Top of Information supplied
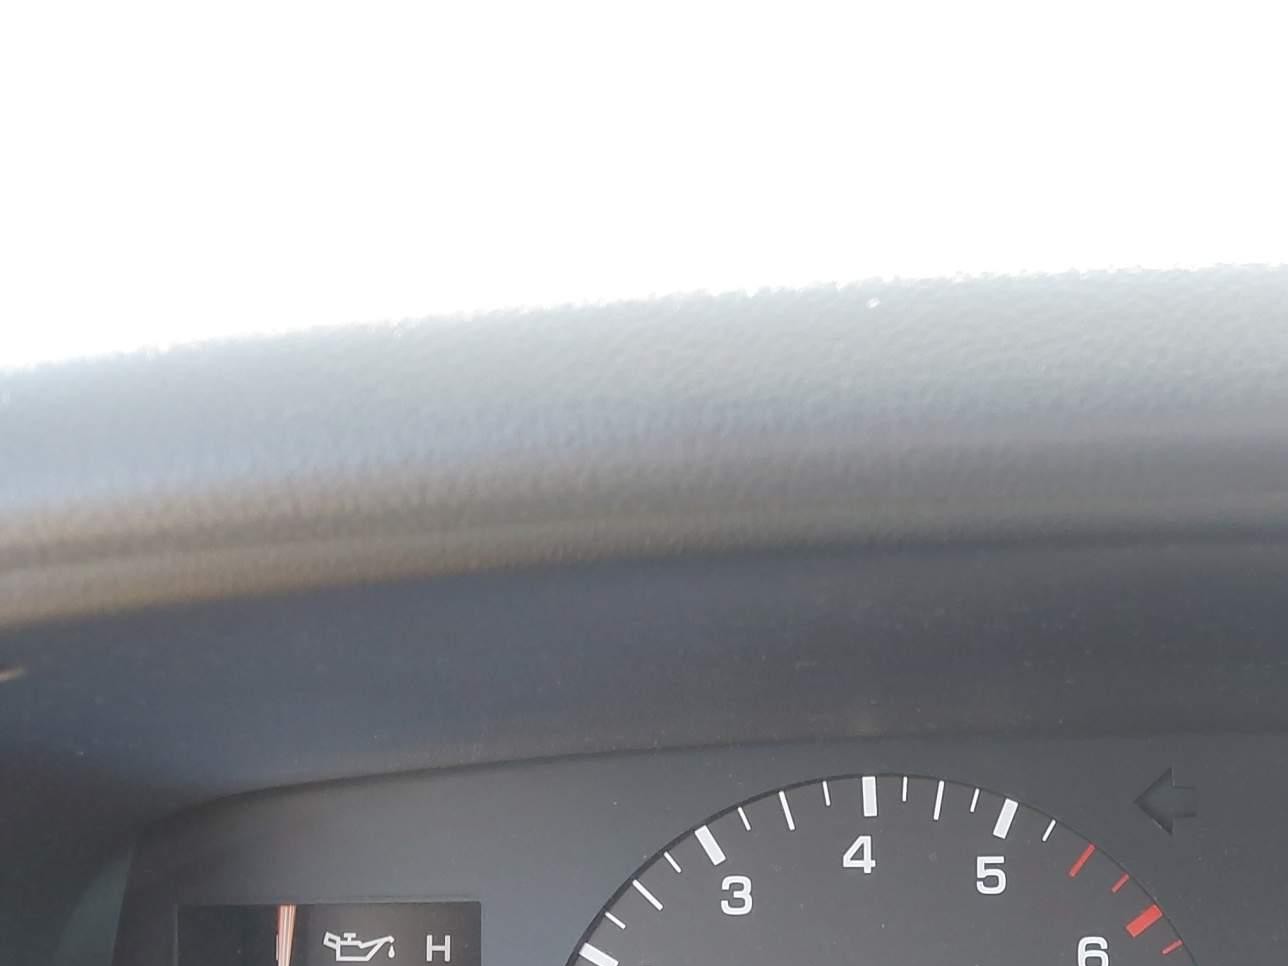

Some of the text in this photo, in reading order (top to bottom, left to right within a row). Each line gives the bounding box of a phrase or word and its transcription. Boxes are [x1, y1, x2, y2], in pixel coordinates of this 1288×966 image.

[842, 835, 876, 874] 4
[976, 855, 1007, 895] 5
[720, 875, 753, 916] 3
[426, 934, 451, 962] H
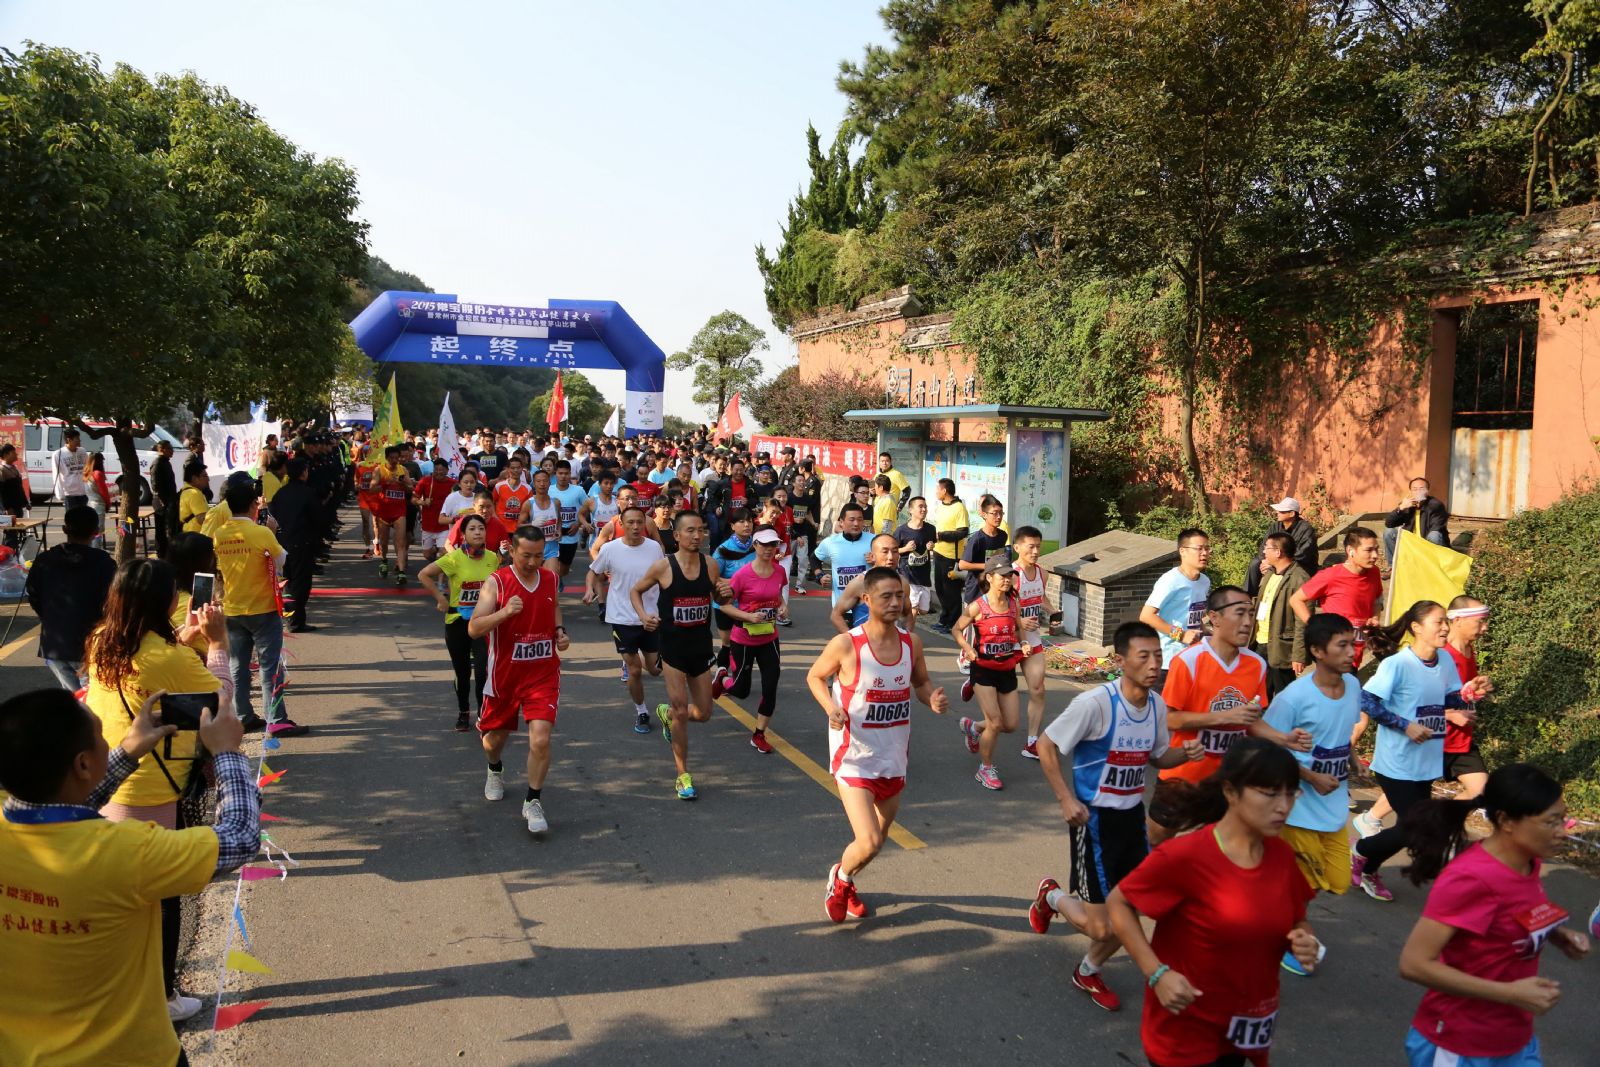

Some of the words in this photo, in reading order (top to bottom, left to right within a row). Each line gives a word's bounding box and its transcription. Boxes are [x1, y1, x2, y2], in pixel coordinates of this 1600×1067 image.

[430, 336, 575, 359] 起终点
[676, 606, 709, 621] A1603
[513, 641, 552, 659] A1302
[873, 675, 906, 688] 跑吧
[865, 701, 910, 722] A0603
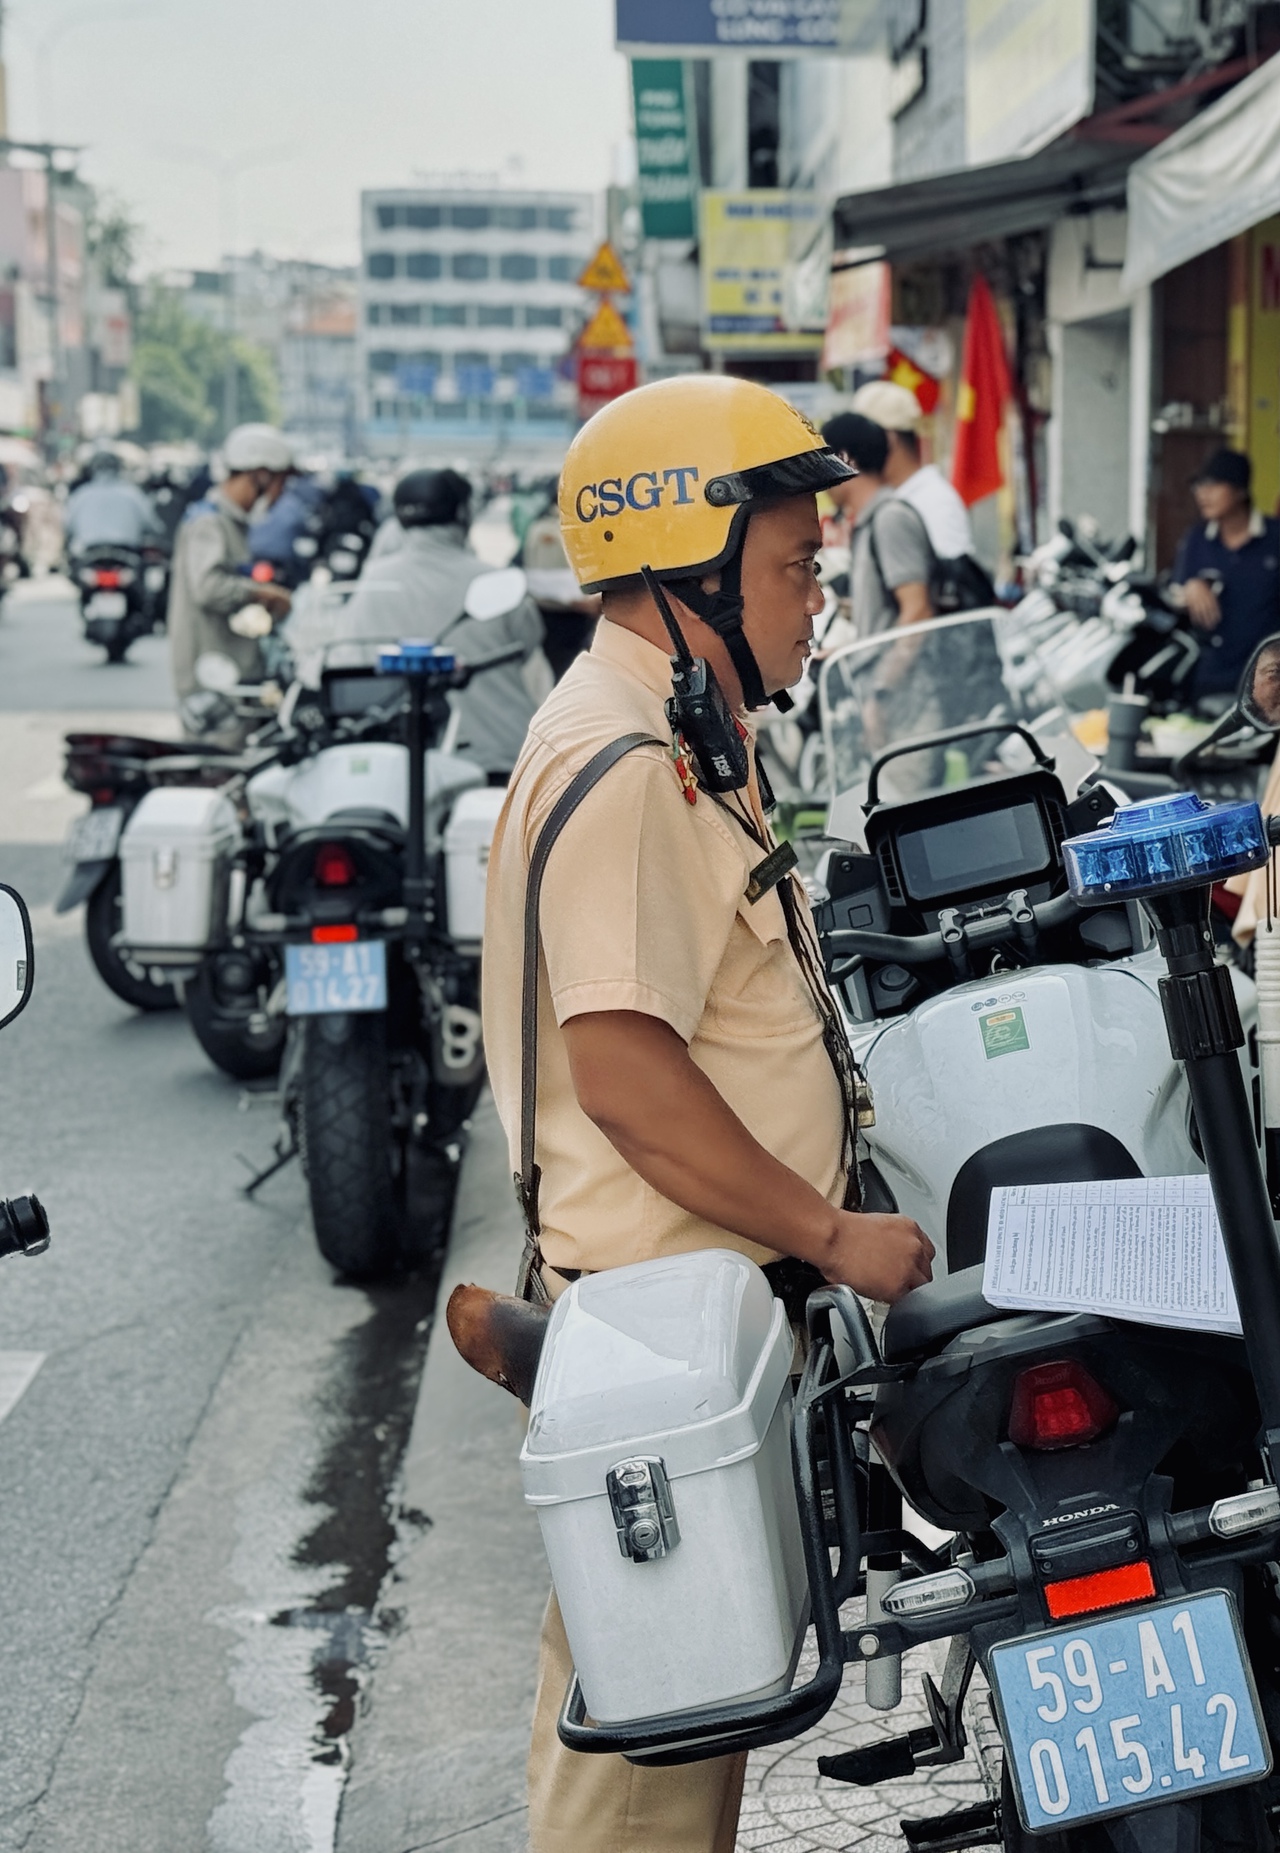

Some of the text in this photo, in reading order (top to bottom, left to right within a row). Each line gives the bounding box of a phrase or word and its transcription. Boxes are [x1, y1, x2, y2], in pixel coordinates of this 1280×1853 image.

[575, 466, 699, 523] CSGT
[1042, 1503, 1121, 1527] HONDA
[1025, 1610, 1206, 1724] 59-A1
[1028, 1692, 1251, 1816] 015.42
Bottom of Information supplied
Transcribe the whole listing above exactly and leave out the pictures.

Result:
Some of the text in this photo, in reading order (top to bottom, left to right within a row). Each line gives the bounding box of a phrase or word and its transcription. Boxes are [x1, y1, x2, y2], in pixel coordinates of this 1288×966 image.

[842, 835, 876, 874] 4
[976, 855, 1007, 895] 5
[720, 875, 753, 916] 3
[426, 934, 451, 962] H

Some of the words in this photo, in reading order (top to bottom, left to right within a row). Each line gives a word's bounding box and its transcription. Boxes are [x1, y1, x2, y2], in pixel coordinates of this 1600×1067 image.

[430, 336, 575, 359] 起终点
[676, 606, 709, 621] A1603
[513, 641, 552, 659] A1302
[873, 675, 906, 688] 跑吧
[865, 701, 910, 722] A0603

Some of the text in this photo, in reading order (top to bottom, left to right within a row). Each line gives the bounding box of a phrase or word and its transcription. Boxes are [x1, y1, x2, y2], in pixel coordinates of this 1280×1853 image.

[575, 466, 699, 523] CSGT
[1042, 1503, 1121, 1527] HONDA
[1025, 1610, 1206, 1724] 59-A1
[1028, 1692, 1251, 1816] 015.42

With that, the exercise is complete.